This Wednesday, Dreweatts hosts their latest urban art auction in London. This time around it’s called “Urban Contemporary.” Honestly, I’ve avoided posting about this auction until now because while there are some highlights, the lowlights are awkward and disappointing to write about.
Lets start with the positives. Some of works that I’m really liking (in no particular order):
Lot 89: Point Blank by Martin Lea Brown. 67cm x 167cm. Estimated £3,000-5,000. This painting looks okay online, but is just so nice in person.
Lot 72: Musas by Sam3. 91.5cm x 61cm. Estimated £700-900. An interesting painting for the price. It amazes me how cheap a Sam3 original can be. Though I suppose his work is best experienced outside.
Lot 64: African Fence by Rowdy. 91.5cm x 61cm. Estimated £900-1,100.
Lot 47: Studio Critics by Sweet Toof. 91.5cm x 61cm. Estimated £2,000-4,000. Sweet Toof is a painter. He’s a graffiti writer. He’s a street artist. He’s a print-maker. What is he? He’s talented.
Lot 49: Cruncy – Pity of London by Ronzo. 40cm x 40cm Plinth. 106cm x 40cm. Estimated £1,000-1,5000. Apparently this is the only Pity of London sculpture that didn’t go on the streets. So it’s something kind of special.

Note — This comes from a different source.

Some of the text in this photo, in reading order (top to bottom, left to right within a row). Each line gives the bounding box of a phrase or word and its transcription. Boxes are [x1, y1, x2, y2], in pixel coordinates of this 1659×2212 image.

And now the things about this auction that epically disappoint me. The things that made me not want to write about this auction at all. In no particular order. And there are others lots in this sale that were very disappointing to see at auction, but I’m not going to list them all. Hopefully this gives you a taste.

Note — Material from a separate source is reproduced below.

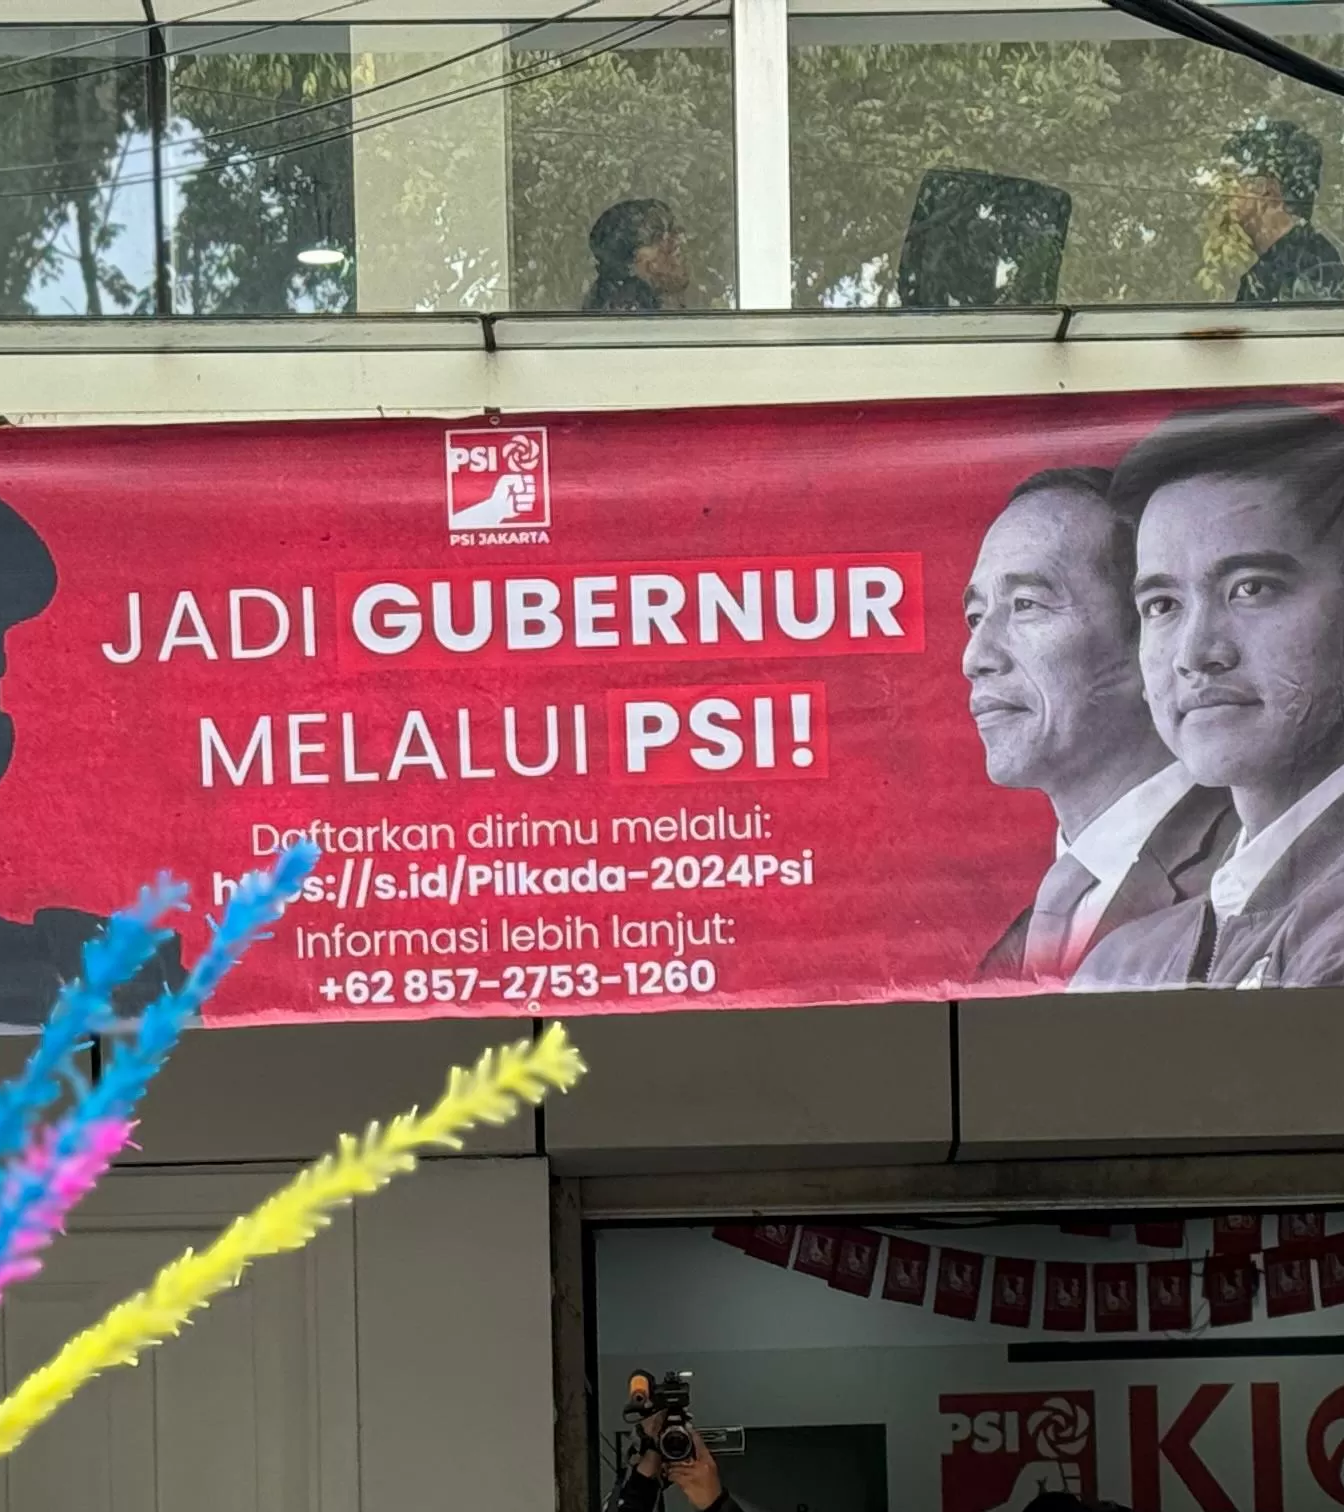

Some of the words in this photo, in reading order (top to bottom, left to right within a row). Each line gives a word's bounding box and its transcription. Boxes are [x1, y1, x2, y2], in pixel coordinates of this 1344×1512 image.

Lot 13: Self Portrait by Adam Neate. 167cm x 123cm. Estimated £15,000-20,000. Almost everyone I know believes that Adam Neate’s pieces like these should be kept out of auction at all costs. Even if this reaches the high estimate for the piece, it will only serve to further damage the market for his paintings. And in my opinion, Adam is one of the most talented British painters working today, so I’d like to see the market for his paintings recover.

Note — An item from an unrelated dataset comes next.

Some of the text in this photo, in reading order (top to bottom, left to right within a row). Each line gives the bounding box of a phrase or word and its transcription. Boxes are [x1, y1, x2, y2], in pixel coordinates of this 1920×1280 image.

Lot 9: Morons by Banksy. 76.5cm x 56cm. Estimated £3,000-5,000. Every “urban art” auction seems to have at least one Morons print.
Lot 17: Untitled by Seen. 60cm x 70cm. Estimated £600-800. I don’t take issue with this painting. I definitely take issue with how Dreweatts has handled the artwork in their sale. In the catalog, this painting is upside down. Luckily, that’s been fixed online. But when I went to see this piece in the flesh at the auction house last Thursday, it was hung sideways. That, or it’s now sideways online (but given that the central icon of the piece is a Seen tag, I’m guessing that the tag is meant to be read left to right, so the online image is correct and it was hung sideways). Either way, that’s more than a little bit upsetting.
Lot 63: Number 5 by Herakut. 80cm x 100cm. Estimated £2,000-3,000. Another great painting that Dreweatts has just handled poorly. Again, it’s online and in the catalog sideways (and possibly hung that way in the auction-house as well, I can’t remember)! Now, given the content of the painting, I can see how somebody might not be sure which way is up. In fact, you’d have to look at the painting for more than half a second to realize that it might be sideways. How did I figure out that the piece is sideways? There’s an image of the piece online. And it was originally part of a tetraptych, so you know that the image I found online has the painting hanging the right way. Could Dreweatts have missed this? Sure. Except that lot 62 is a painting from the same tetraptych. It amazes me that nobody at Dreweatts took the 30 seconds of research that it took me to figure out which way this painting is meant to hang. Epic fail.
So that’s the Dreweatts “Urban Contemporary” auction. It takes place on Wednesday April 21st in London, and you can bid online.